OFG Receives Regulatory Approvals for Acquisition of Scotiabank Operations in Puerto Rico

SAN JUAN, Puerto Rico, December 11, 2019 – OFG Bancorp (NYSE: OFG) announced receipt of regulatory approvals from the Board of Governors of the Federal Reserve System, Federal Deposit Insurance Corporation and the Office of the Commissioner of Financial Institutions of Puerto Rico required for its banking subsidiary, Oriental Bank, to consummate the previously announced acquisition of the Puerto Rico and US Virgin Islands operations of Scotiabank (NYSE: BNS).  OFG’s previously announced acquisition of Scotiabank’s US Virgin Islands operations remains subject to receipt of final approval and related licenses from the US Virgin Islands Banking Board. OFG expects to complete the acquisition by December 31, 2019.

Upon closing, Scotiabank’s PR and USVI operations will further strengthen Oriental’s position as the premier retail bank in Puerto Rico. Oriental will have the second largest market share in Puerto Rico in core deposits, branches, automated and interactive teller machines, mortgage servicing, and insurance brokerage, in addition to becoming the third largest bank in USVI by deposits.

Oriental will have a well-diversified loan portfolio totaling $7.2 billion, deposits of $7.9 billion, and approximately 500,000 customers. Its mortgage servicing book will expand five-fold to approximately $5 billion, providing critical mass to become a meaningful source of non-interest income. In addition, Oriental will have 460 ATMs and 11 Interactive Teller Machines, 55 branches, and more than 2,400 employees.

“We are combining two excellent franchises to create a strongly capitalized, market-leading institution,” said José Rafael Fernández, President, Chief Executive Officer and Vice Chairman of the Board of OFG and Oriental. “We’re excited about welcoming Scotia’s valued customers and talented team into the Oriental family.”

“The new Oriental will offer a wide array of products and services with a special emphasis on consumers and small businesses in Puerto Rico and US Virgin Islands, building upon our differentiated reputation for convenience and helping customers better manage their finances.”

Upon closing and for a transitional period, Oriental will continue using the Scotiabank technology platforms.

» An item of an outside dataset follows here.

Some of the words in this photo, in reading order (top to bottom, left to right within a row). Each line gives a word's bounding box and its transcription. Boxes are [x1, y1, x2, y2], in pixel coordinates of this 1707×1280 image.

As a result, customers can interact with the bank, and use branches, as they do currently without any need for change. In addition, customers will be able to use all Oriental ATMs at no charge and make credit card, mortgage, auto and personal loan payments and make deposits by check through express mailboxes in all branches.

 

 


 

About OFG Bancorp

Now in its 55th year in business, OFG Bancorp is a diversified financial holding company that operates under U.S. and Puerto Rico banking laws and regulations. Its three principal subsidiaries, Oriental Bank, Oriental Financial Services and Oriental Insurance provide retail and commercial banking, lending and wealth management products, services and technology, primarily in Puerto Rico. Visit us at www.ofgbancorp.com.

Forward Looking Statements

The information included in this document contains certain forward-looking statements within the meaning of the Private Securities Litigation Reform Act of 1995. These statements are based on management’s current expectations and involve certain risks and uncertainties that may cause actual results to differ materially from those expressed in the forward-looking statements.

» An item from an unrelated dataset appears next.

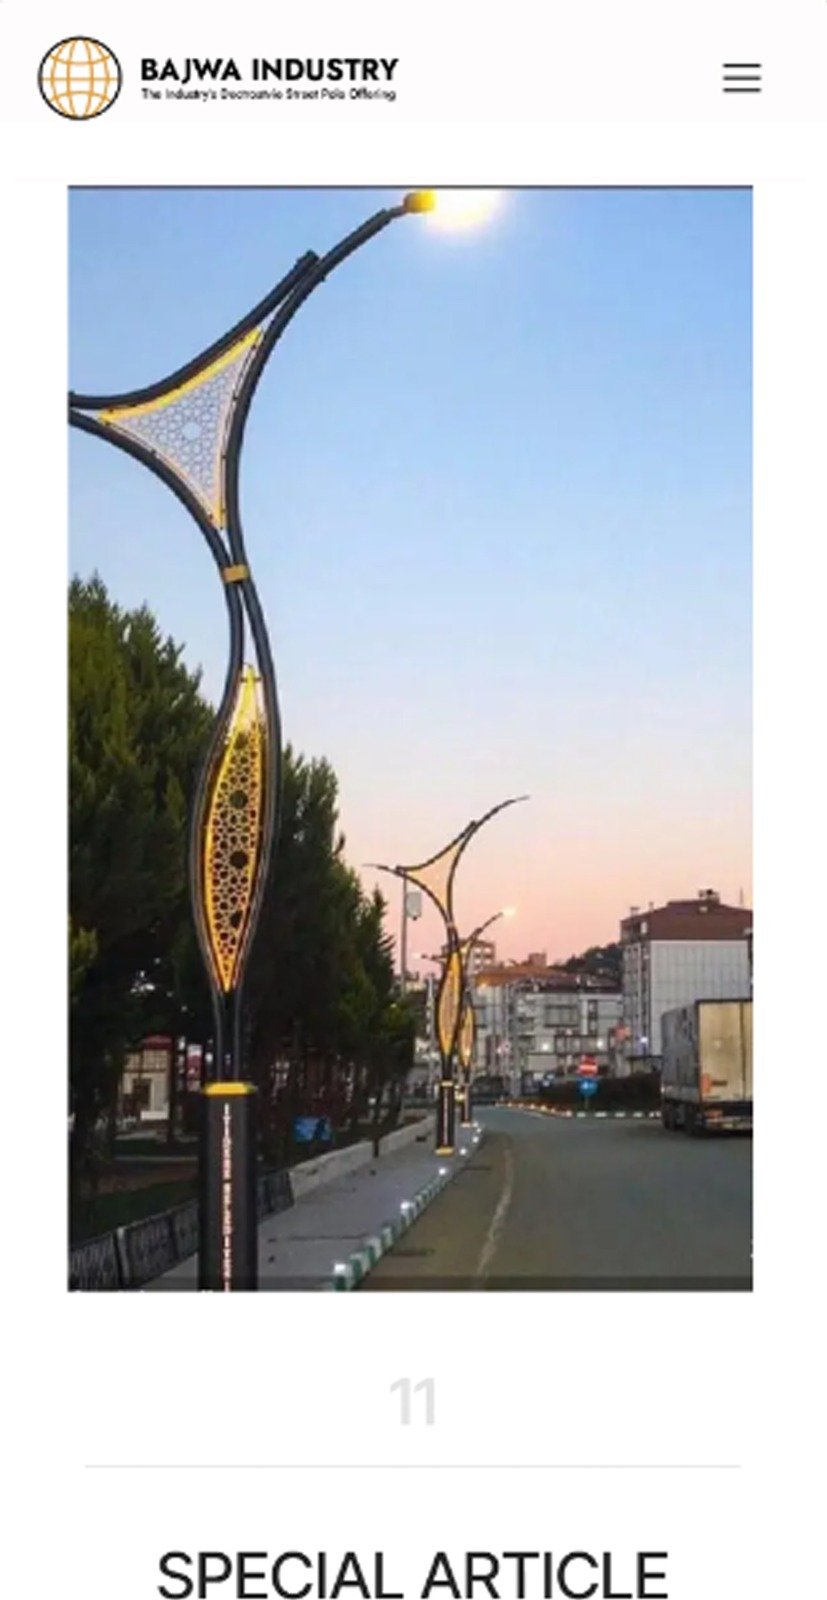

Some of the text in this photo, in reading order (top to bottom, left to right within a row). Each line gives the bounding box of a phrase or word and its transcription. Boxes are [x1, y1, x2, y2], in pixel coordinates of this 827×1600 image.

Factors that might cause such a difference include, but are not limited to (i) the rate of growth in the economy and employment levels, as well as general business and economic conditions; (ii) changes in interest rates, as well as the magnitude of such changes; (iii) changes to the financial condition of the government of Puerto Rico; (iv) amendments to the fiscal plan approved by the Financial Oversight and Management Board of Puerto Rico; (v) determinations in the court-supervised debt-restructuring process under Title III of PROMESA for the Puerto Rico government and all of its agencies, including some of its public corporations; (vi) the amount of government, private and philanthropic financial assistance for the reconstruction of Puerto Rico’s critical infrastructure, which suffered catastrophic damages caused by hurricane Maria; (vii) the pace and magnitude of Puerto Rico’s economic recovery; (viii) the potential impact of damages from future hurricanes and natural disasters in Puerto Rico; (ix) the fiscal and monetary policies of the federal government and its agencies; (x) changes in federal bank regulatory and supervisory policies, including required levels of capital; (xi) the relative strength or weakness of the commercial and consumer credit sectors and the real estate market in Puerto Rico; (xii) the performance of the stock and bond markets; (xiii) competition in the financial services industry; and (xiv) possible legislative, tax or regulatory changes.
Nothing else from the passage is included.